On the one side we are bound by our friendship with an ascending China; linked physically to the Northern neighbour via the China-Pakistan Economic Corridor (CPEC), an essential wedge of Beijing’s all-encompassing but still under-construction global trading routes called the Belt and Road Initiative (BRI).

On the other, we find America wanting ostensibly to walk away from our war-torn neighbor Afghanistan, bringing to an end, with our help, its so-called forever- war without, hopefully, losing face. Lately, our eastern border has become too hot for our good as India, a strategic partner of the US, has been, under the BJP rule of Prime Minister Narendra Modi, spoiling to launch another false flag operation against Pakistan. Had it not been for the fact that relations between India and China have been worsening over the past few months, perhaps India would have carried out its threat by now. Perhaps to avoid a two-front situation Modi has held his hand, temporarily.

Meanwhile, the US is building up India via the Quad (Australia-India-Japan-United States), an ‘Indo-Pacific’ military alliance to contain a rising China. The emerging equation has given rise to a war-like situation between the waning US and China on the go. A truly Thucydides trap, a term which describes an apparent tendency towards war when an emerging power (China, currently) threatens to displace an existing great power (the US, presently) as the international hegemon. The cold war had remained cold all along until it ended with a whimper because the Soviet Union posed no economic threat to the US. It was purely a military threat and was taken care of as such. The economic challenges that the US faced from Japan in the decades of 1980s-90s had not accompanied any military threats, therefore, the Japanese challenge was overcome with no difficulty at all. But the Chinese threat is both economic and military. Therefore, it would be almost impossible for the US to resist the temptation of waging a hot war. The US has already provoked China when President Trump in August last year sent, for the first time since 1979, high ranking US officials to Taiwan. The trip marked the highest-level visit to Taiwan by a Cabinet secretary since the year the US established formal diplomatic relations with Beijing and ceased to recognize the government in Taipei. And a thoroughly provoked China on Jan. 20, reciprocated by sanctioning for the first time ever 28 US officials including former President Trump’s Secretary of State, Michael R. Pompeo. These individuals and their immediate family members are prohibited from entering the mainland, Hong Kong and Macao.
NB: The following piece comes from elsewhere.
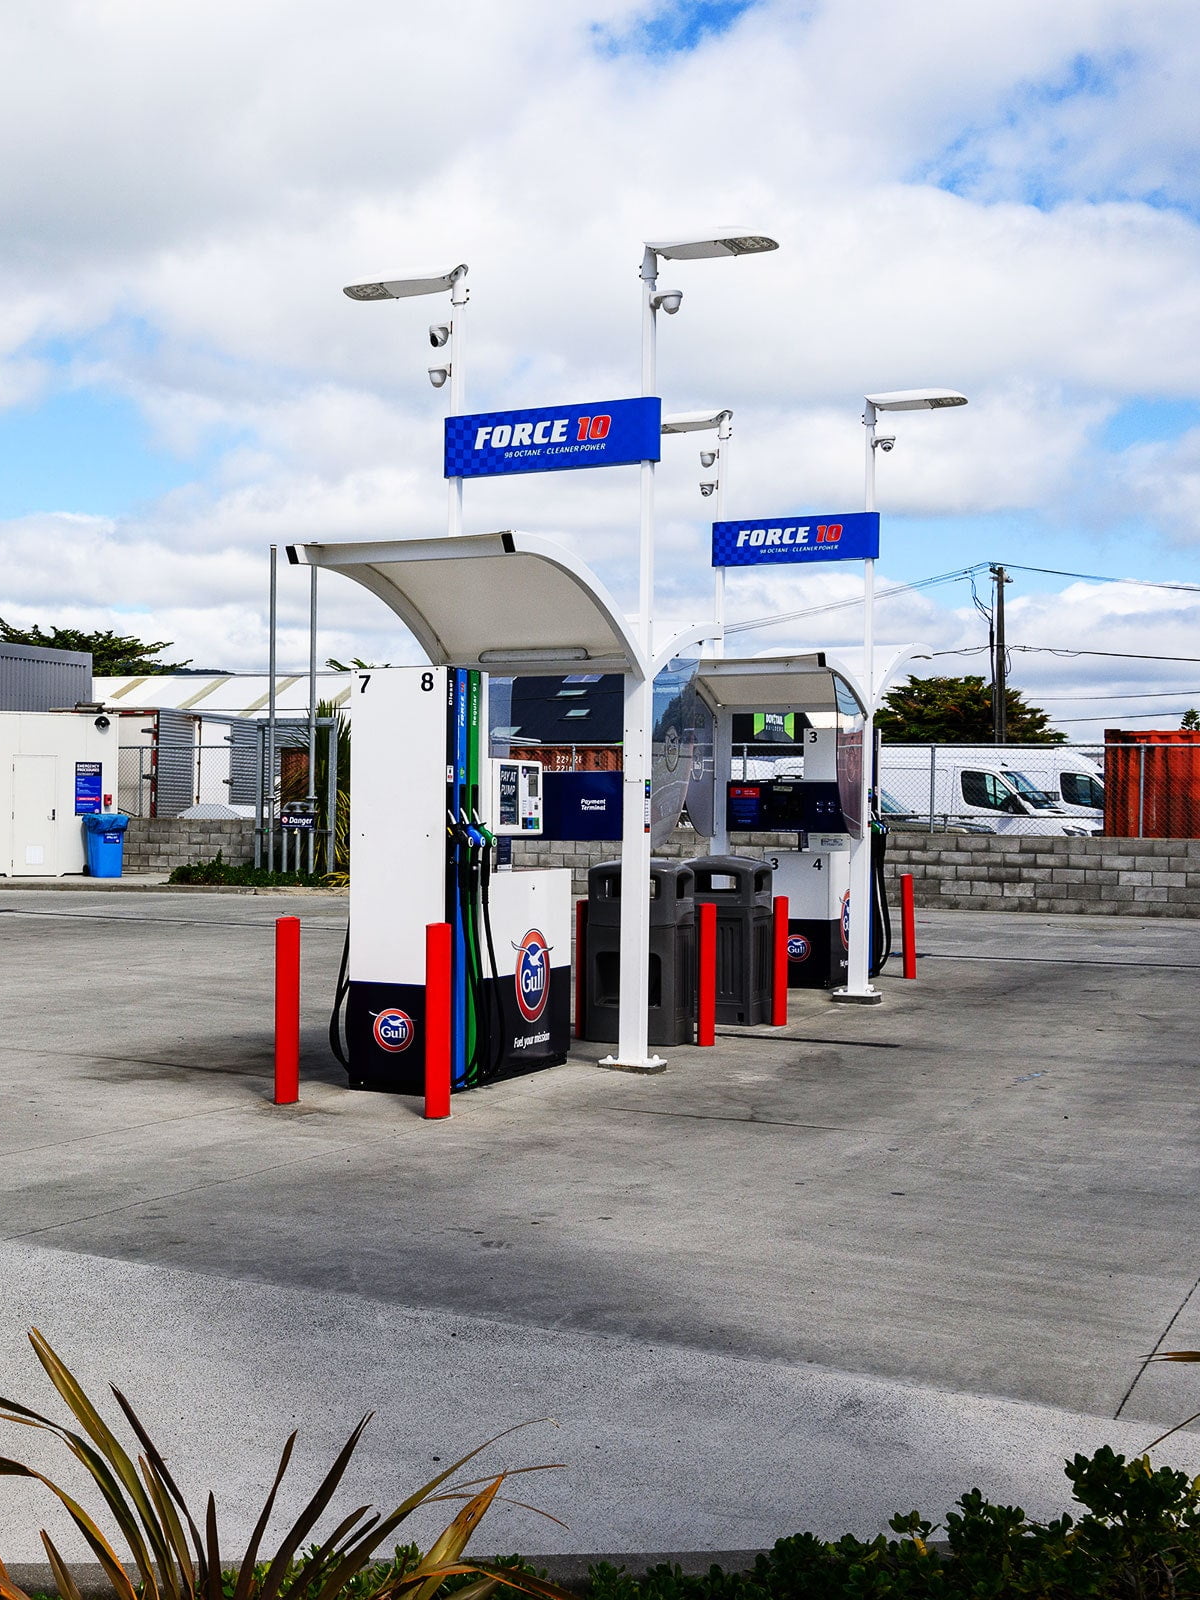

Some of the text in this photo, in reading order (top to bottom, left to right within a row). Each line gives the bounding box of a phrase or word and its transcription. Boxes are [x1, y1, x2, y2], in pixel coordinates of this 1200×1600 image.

Either because of lack of scientific data or because 63% of our population being between the ages of 15-33 years and over 65 only 4.2% and women making up 48% the incidence of Covid-19 has appeared to be not as widespread as it is in many other countries. Perhaps the right choice of the vaccine and the right choice of the population to be vaccinated earliest could relieve us of the devastation earlier than other countries, hopefully. The choice having been made by the circumstances obtaining currently on which side of an emerging bipolar world we should be we could for a change consider lessening our dependency on others and stand on our own two feet by learning from China the skills needed to attain a modicum of true sovereignty. And also, we should without much loss of time probe the possibility of trading with China in Yuan because over the next decade or so, Yuan is likely to challenge and displace the dollar from its top perch. Still, there is no reason why, while enjoying the best of relations with China, we cannot oblige the US with the needed assistance to make it possible for Washington to end its forever war in Afghanistan, though it is difficult to see at this point in history the US leaving a neighbourhood physically so close to the emerging rival (China), an about- to- become-a nuclear power (Iran) and a declared nuclear power (Pakistan) threatening from the safety of Chinese side its eastern neighbor being built up by the US to contain China. And of course, ideologically Pakistan and China would certainly feel threatened to see Taliban, at the end of it all, having a free run in Afghanistan.